This woman is on a mission to get diverse books in the hands of every child. Here's why.

Ginger Young was reading "Martin’s Big Words" — a picture-book biography of the life of Martin Luther King Jr. — to a fifth-grade class.

When she finished, one of the students ran up to her excitedly. She had enjoyed the book so much that she wanted to know how she could get a copy of her own.

“You can have my copy,” Young told her.


The girl’s jaw dropped and her eyes lit up. She thanked Young and then ran over to her mother, who was watching nearby, to show off the gift.

For Young, these moments aren’t just heartwarming — they’re why she does this work.

That’s because when you give a book to a child, it’s so much more than a simple act of kindness  — it can have a powerful impact on their life.

All photos provided by First Book and Ginger Young.

This is especially true if that kid has never seen themselves in the books they’re reading.

As a literacy educator and founder of Book Harvest, a nonprofit in North Carolina that has now distributed over half a million books to kids in need, Young has seen firsthand how powerful it is when children connect with the diversity they see in the stories they read, especially given that there aren't actually that many of these kinds of books out there.

In fact, that’s why she started Book Harvest’s “Mirrors and Windows” program in partnership with First Book, a nonprofit social enterprise organization that provides new books  and resources  to classrooms and programs in under-resourced communities, helping create equal access to quality education.

She was inspired to name the program after reading the work of Rudine Sims Bishop, who coined the phrase to describe how books can act as “mirrors” to reflect a child’s world or “windows” into worlds other than their own.

Young wanted to make sure the kids receiving books could see their own experiences and identities reflected in these narratives — and that they could read about other communities too.

It can be powerful for a child who hasn't had access to a story with characters that reflect their own experiences to finally see themselves in what they read.

That's because it can be especially challenging, if not impossible, for children of color, children with disabilities, children who identify as gender nonconforming or transgender, or children who come from nontraditional families to find books that speak to their experiences. And without that representation, these kids will struggle to feel that their own stories matter.

In fact, the Cooperative Children’s Book Center reviewed 3,400 children's books that they received in 2016 and they found that only 287 of the books were about black characters, which amounts to only 8.4%. Further, only 240, or 7% were about Asian Pacific Americans and 169 (4.97%) were about Latinos. Only 55 (1.6%) were about Native Americans.

While these ratios have improved in recent years, there are still more books that feature animals than children of color.

"Every child wants to see themselves mirrored in stories, wants to be connected to others as who they are. It’s a fundamental, basic human need," Young says.

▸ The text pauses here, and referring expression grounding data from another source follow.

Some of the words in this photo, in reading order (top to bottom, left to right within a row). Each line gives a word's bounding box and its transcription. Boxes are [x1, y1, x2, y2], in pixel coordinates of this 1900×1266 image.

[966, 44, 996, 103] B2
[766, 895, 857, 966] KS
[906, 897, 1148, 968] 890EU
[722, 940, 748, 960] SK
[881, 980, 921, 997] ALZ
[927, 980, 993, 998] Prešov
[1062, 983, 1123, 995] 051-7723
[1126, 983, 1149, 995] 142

It can be challenging for children from marginalized communities to see what's possible when there is little positive and dynamic representation of their experiences. Children both need and deserve affirmation from the outside world that their stories matter too. And if they don't get that validation, it can cause them to lose interest in reading — something that could affect their ability to succeed in school later in life.

Not only do these books affirm a child’s sense of self-worth, but they also help cultivate empathy by exposing them to other worlds.

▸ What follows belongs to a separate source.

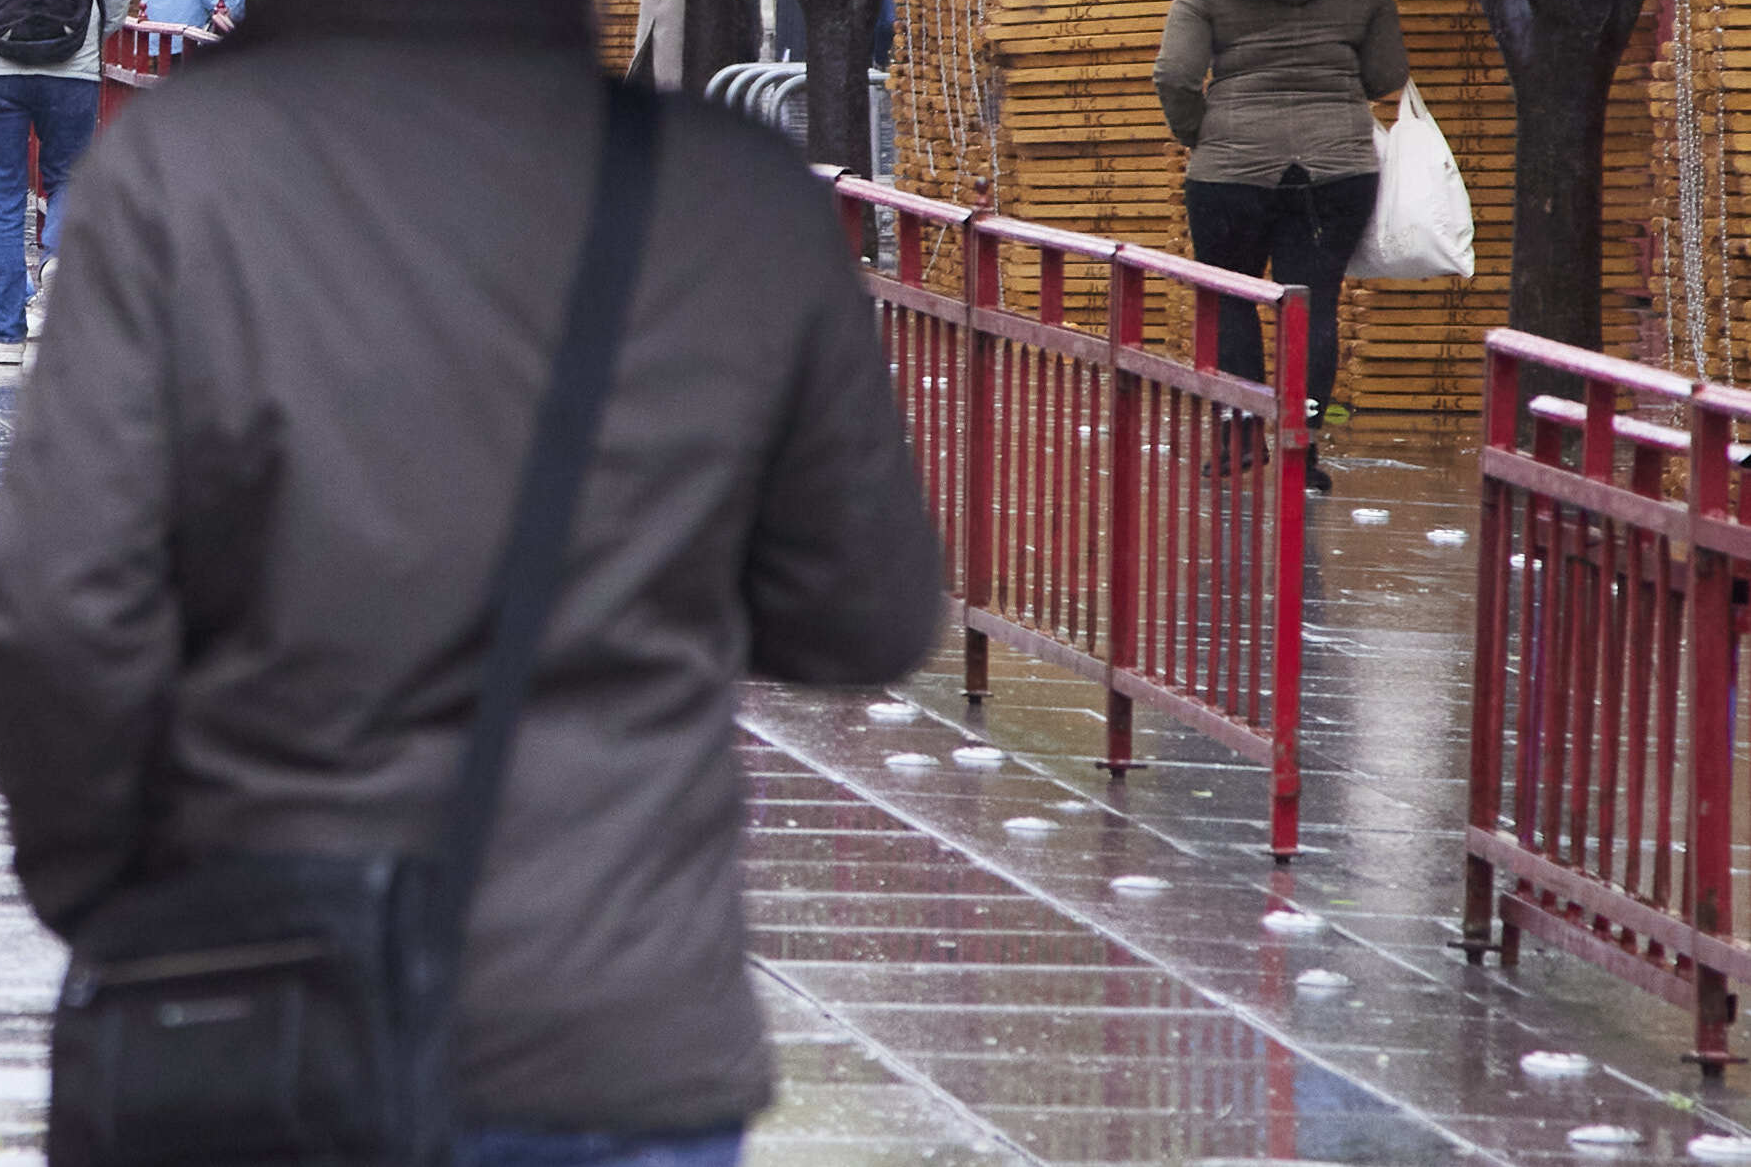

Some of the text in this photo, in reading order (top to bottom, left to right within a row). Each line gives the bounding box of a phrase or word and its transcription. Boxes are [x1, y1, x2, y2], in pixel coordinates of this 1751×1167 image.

[1055, 23, 1081, 35] JLC
[1069, 37, 1093, 49] JLC
[1432, 397, 1462, 409] JLC

Building empathy in children early is key to creating an accepting, inclusive society. "[Books offer] a sense of others mattering as much as we do," Young explains.

"Stories are how you create that," she continues. "It’s very important to have the avenues to developing empathy in place way before children get to school."

Research has shown that reading fictional stories can break down stereotypes. Reading multicultural children’s literature can have a powerful impact on social and emotional learning, enhancing empathy toward others. It can also get kids more excited to understand the world around them.

That’s why Young created a book list that goes all the way from pre-K through middle school, including many titles from First Book’s Stories for All Project collection, which places a special emphasis on diverse books and books by underrepresented authors and illustrators. Young believes that parents need to create a strong foundation for empathy with their kids before they even get to school, and they can do that by reading books to them.  

"Those are the kind of young readers who grow up to be the citizens of the world we should be aspiring to," Young says.

The good news is, the momentum is building.

There is an increasing demand for books that are as complex and thoughtful as the communities reading them — books that represent a variety of races, ethnicities, gender identities, sexual orientations, religions, abilities, languages, and cultures from storytellers whose backgrounds also reflect that rich diversity.

And this, Young hopes, can grow into something larger than her own efforts. As she says, "We can knit this into something that is much bigger than any one community."

After all, children across the country deserve access to stories that inspire them, with characters and themes that ring true to their experiences, particularly in a world that rarely offers these children the affirmation they need.

“If we are to create the kind of society we want for our children, we have to use the power of stories to show our children that they matter,” she explains. “If we haven’t done that for every child, then all children have suffered.”

If we want to create an empathetic society in the future — one where all children believe in the value of their own story — these books are critical.

With the help of First Book, Ginger Young is giving children books that are truly empowering, helping kids navigate a divisive and challenging world.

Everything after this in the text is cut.